**DIRECTIONS FOR THIS TASK**
The reply should contain every line of the data, repeated exactly, and no pictures.
DATA FOR REVIEW: Begin
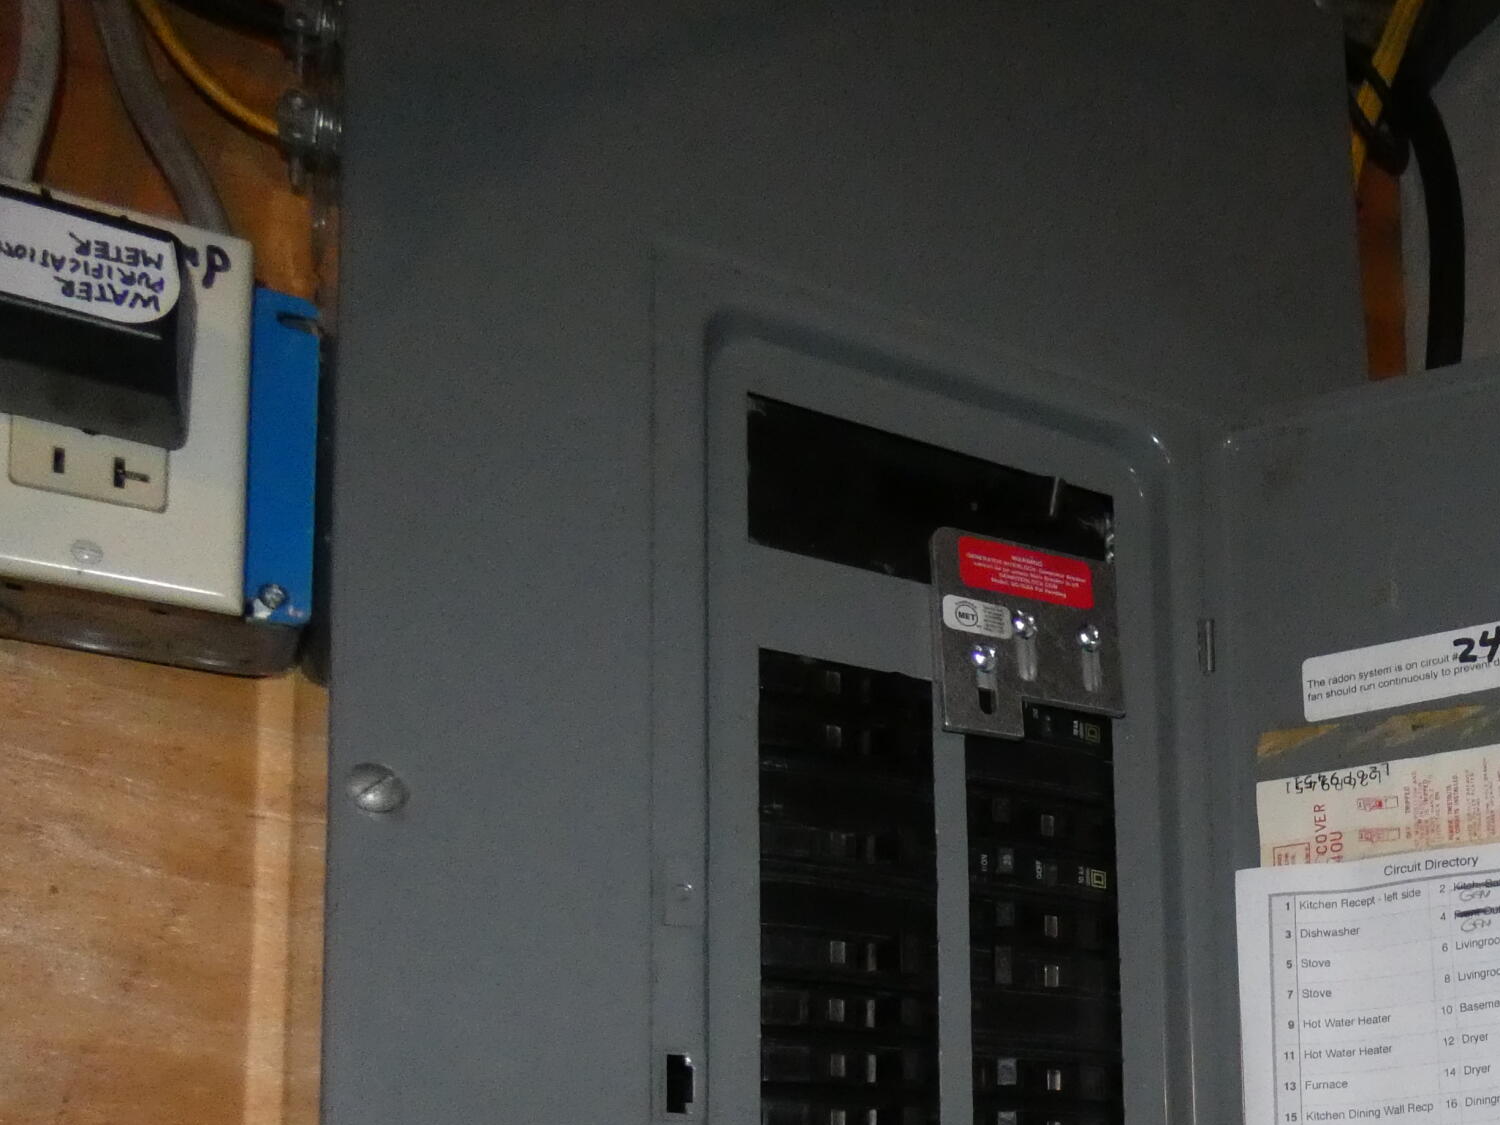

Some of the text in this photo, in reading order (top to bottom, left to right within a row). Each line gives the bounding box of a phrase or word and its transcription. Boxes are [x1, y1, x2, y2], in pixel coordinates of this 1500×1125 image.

[68, 231, 164, 270] METER
[53, 275, 161, 312] WATER
[958, 611, 976, 621] MET
[1307, 654, 1449, 689] The radon system is on circuit
[1307, 691, 1323, 702] fan
[1326, 685, 1356, 698] should
[1359, 682, 1375, 693] run
[1378, 670, 1439, 689] continuously
[1441, 668, 1450, 677] to
[1454, 660, 1491, 676] prevent
[1313, 804, 1328, 855] COVER
[1384, 855, 1479, 876] Circuit Directory
[1440, 885, 1446, 893] 2
[1286, 889, 1421, 910] 1 Kitchen Recept left side
[1440, 913, 1446, 921] 4
[1285, 927, 1360, 939] 3 Dishwasher
[1442, 943, 1448, 952] 6
[1286, 959, 1331, 969] 5 Stove
[1444, 975, 1450, 983] 8
[1288, 990, 1332, 999] 7 Stove
[1441, 1006, 1453, 1015] 10
[1288, 1014, 1391, 1029] 9 Hot Water Heater
[1443, 1032, 1489, 1046] 12 Dryer
[1284, 1045, 1392, 1060] 11 Hot Water Heater
[1445, 1064, 1491, 1077] 14 Dryer
[1285, 1080, 1348, 1091] 13 Furnace
[1446, 1099, 1457, 1108] 16
[1285, 1102, 1434, 1122] 15 Kitchen Dining Wall Recp
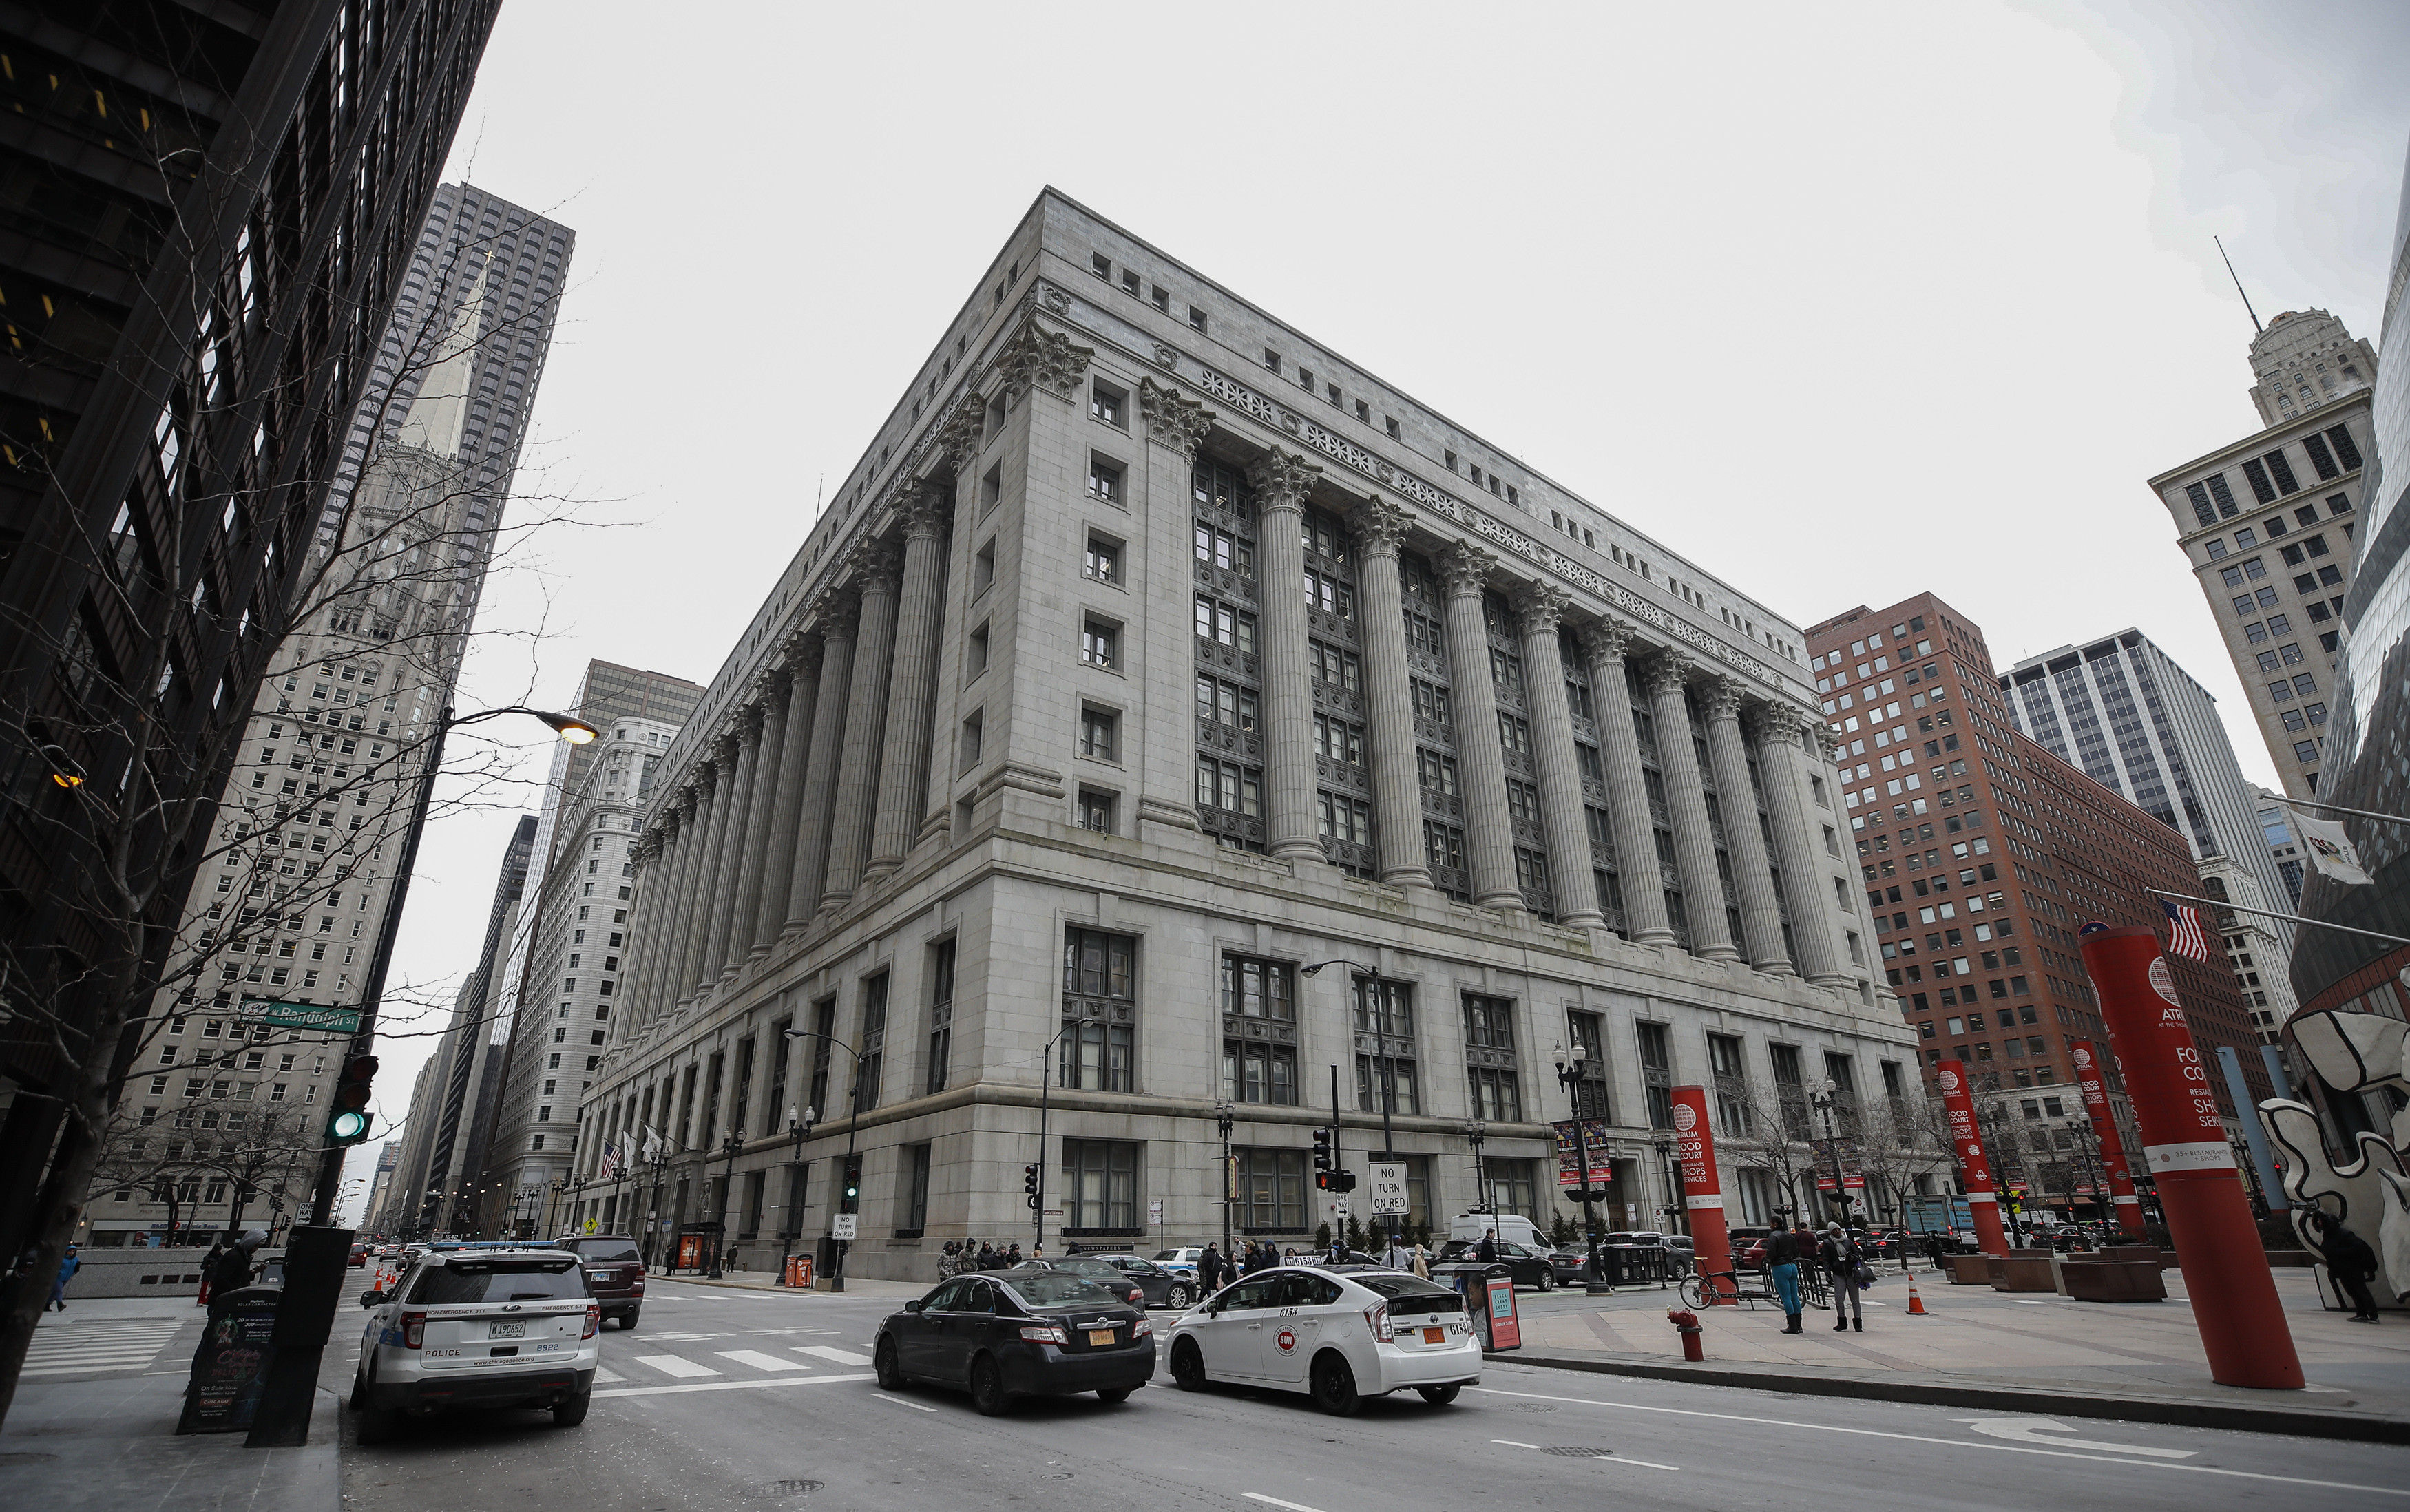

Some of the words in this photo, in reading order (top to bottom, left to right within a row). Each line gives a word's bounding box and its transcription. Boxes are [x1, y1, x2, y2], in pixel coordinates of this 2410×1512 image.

[280, 1008, 342, 1027] Randolph
[346, 1016, 355, 1025] St
[1680, 1151, 1703, 1160] COURT
[1381, 1168, 1394, 1178] NO
[1378, 1183, 1400, 1193] TURN
[1374, 1198, 1386, 1208] ON
[1390, 1197, 1405, 1208] RED
[1295, 1257, 1312, 1266] 6153
[1279, 1308, 1298, 1318] 6153
[499, 1324, 524, 1334] 190652
[1449, 1323, 1467, 1335] 6153
[1280, 1336, 1292, 1345] SUN
[425, 1349, 461, 1357] POLICE
[474, 1357, 534, 1365] www.chicagopolice.org
DATA FOR REVIEW: End
**FINISHED EXERCISE**
Some of the text in this photo, in reading order (top to bottom, left to right within a row). Each line gives the bounding box of a phrase or word and its transcription. Boxes are [x1, y1, x2, y2], in pixel coordinates of this 1500×1125 image.

[68, 231, 164, 270] METER
[53, 275, 161, 312] WATER
[958, 611, 976, 621] MET
[1307, 654, 1449, 689] The radon system is on circuit
[1307, 691, 1323, 702] fan
[1326, 685, 1356, 698] should
[1359, 682, 1375, 693] run
[1378, 670, 1439, 689] continuously
[1441, 668, 1450, 677] to
[1454, 660, 1491, 676] prevent
[1313, 804, 1328, 855] COVER
[1384, 855, 1479, 876] Circuit Directory
[1440, 885, 1446, 893] 2
[1286, 889, 1421, 910] 1 Kitchen Recept left side
[1440, 913, 1446, 921] 4
[1285, 927, 1360, 939] 3 Dishwasher
[1442, 943, 1448, 952] 6
[1286, 959, 1331, 969] 5 Stove
[1444, 975, 1450, 983] 8
[1288, 990, 1332, 999] 7 Stove
[1441, 1006, 1453, 1015] 10
[1288, 1014, 1391, 1029] 9 Hot Water Heater
[1443, 1032, 1489, 1046] 12 Dryer
[1284, 1045, 1392, 1060] 11 Hot Water Heater
[1445, 1064, 1491, 1077] 14 Dryer
[1285, 1080, 1348, 1091] 13 Furnace
[1446, 1099, 1457, 1108] 16
[1285, 1102, 1434, 1122] 15 Kitchen Dining Wall Recp

Some of the words in this photo, in reading order (top to bottom, left to right within a row). Each line gives a word's bounding box and its transcription. Boxes are [x1, y1, x2, y2], in pixel coordinates of this 2410×1512 image.

[280, 1008, 342, 1027] Randolph
[346, 1016, 355, 1025] St
[1680, 1151, 1703, 1160] COURT
[1381, 1168, 1394, 1178] NO
[1378, 1183, 1400, 1193] TURN
[1374, 1198, 1386, 1208] ON
[1390, 1197, 1405, 1208] RED
[1295, 1257, 1312, 1266] 6153
[1279, 1308, 1298, 1318] 6153
[499, 1324, 524, 1334] 190652
[1449, 1323, 1467, 1335] 6153
[1280, 1336, 1292, 1345] SUN
[425, 1349, 461, 1357] POLICE
[474, 1357, 534, 1365] www.chicagopolice.org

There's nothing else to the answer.